“By owning it and giving it a name ‘Aged Care Syndrome’ someone has to take responsibility for not changing since 1997”

So what is ‘Aged Care Syndrome?’

It all began upon the review of one man’s case where he had cognitive impairment, but no diagnosis of dementia.

Despite that, he exhibited a lot of behaviours and psychological symptoms of dementia – he would physically and verbally abuse people.

Colin McDonnell, the Dementia Excellence Practice Leader from Scalabrini village, wondered why this man had to communicate in such a way.

Upon further analysis, Colin saw that it was a lack of communication, in conjunction with people not listening to him, that was causing the man to act the way he was.

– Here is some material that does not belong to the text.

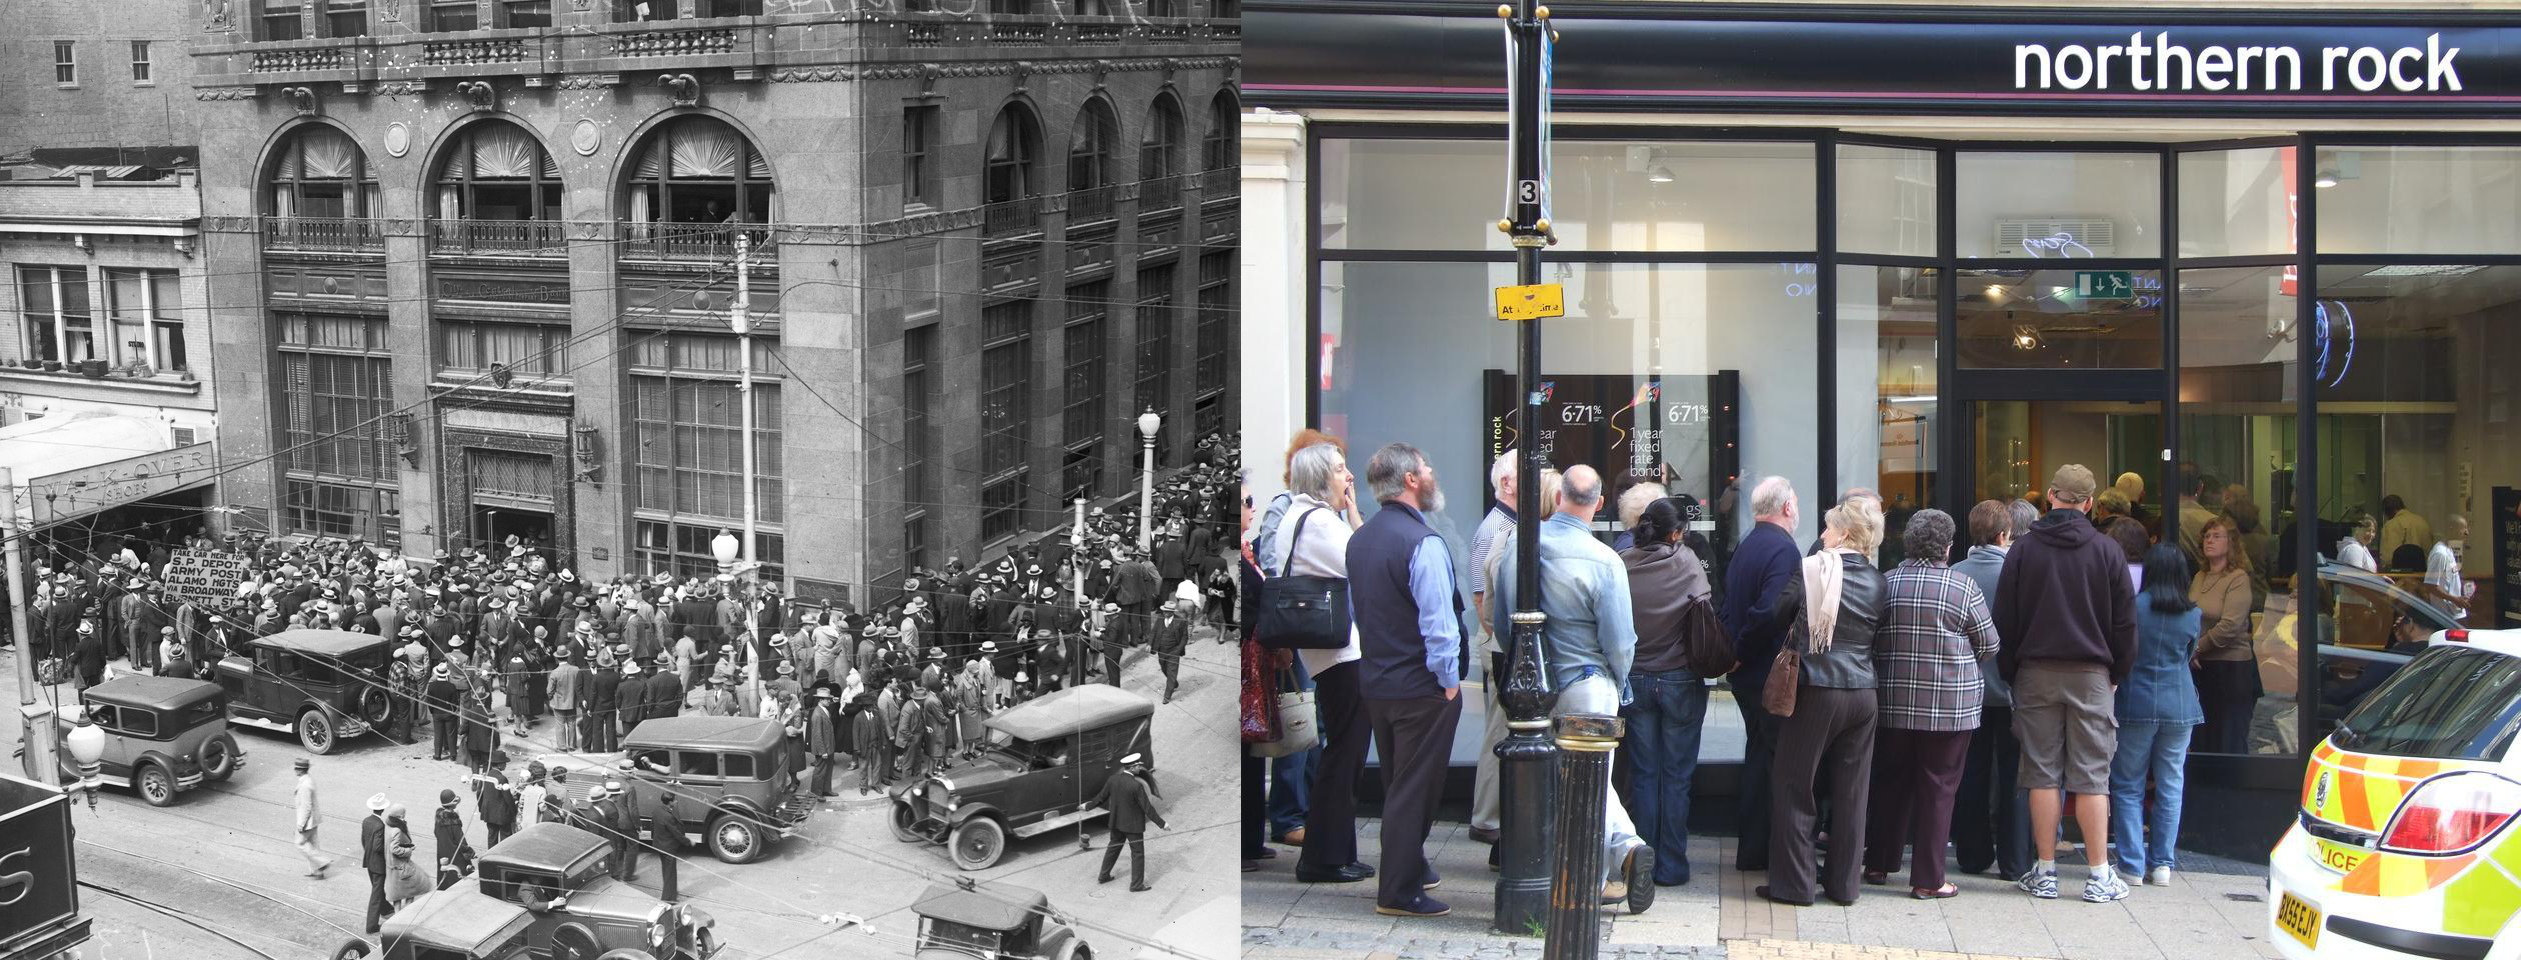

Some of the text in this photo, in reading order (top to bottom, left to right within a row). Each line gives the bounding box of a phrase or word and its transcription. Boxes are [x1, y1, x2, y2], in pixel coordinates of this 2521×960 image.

“I realised that since 1997, when Kitwood was talking about malignant social psychology, and we talk about the medical model, that it was time that we actually owned up and acknowledged that we are the people responsible for this sort of care.”  

Professor Tom Kitwood was a pioneer in dementia research. According to Kitwood personhood is “a standing or status that is bestowed upon one human being, by others, in the context of relationship and social being….implying recognition, respect and trust”.

He essentially predicted the importance of person-centered care years before it facilities acknowledged the need to transform the model of care.  

‘Aged Care Syndrome’, as Colin explains is an umbrella term he uses “the same way dementia is used as an umbrella term”, where in Aged Care Syndrome there are human needs that are unmet in aged care.”

He further elaborate that it ranges from unmet identity, unmet comfort, unmet care, stress and loneliness.

Loneliness is particularly dangerous, according to Colin “loneliness is 70 per cent times worse than obesity and smoking for mortality”.  

If you haven’t got choice or autonomy, if it isn’t given by the aged care facility, then the person will continue to have stress.

Stress, though often thought of as a “mental” impairment, it can actually have some severe physical repercussions.

Too much stress can lead to a drop in the immune system, drop in memory, people can lose their ability to cope – and as Colin explains “as the care providers we are doing that by taking their choice and decision making”.

“Sundowning can be attributed to these unmet needs – and I say that because there is no control. You can imagine the stress you’re in when you’re in that position 24 hours a day”.

Change begins with the aged care staff, “with empathy and showing them what it’s like, as well as giving them the tools to feel”

This can be done with aids, such as wearables like goggles or even role playing tasks, that give staff some sense and idea of what it is like to live with dementia – essentially walking in their shoes.

Practice and repetition is key in developing new positive behaviours, which is what some staff wear small reminders on a card around their neck. Simple instructions, reminding them to smile and say hello, and knock before entering people’s rooms.

“These simple things are so important to people, to treat people like a person.”

“It’s really important that we acknowledge what we do and the environments we create for our people to live in.”

“It’s not working harder, it’s working smarter and thinking about how can you give choice and decision making in every little thing you do each day.”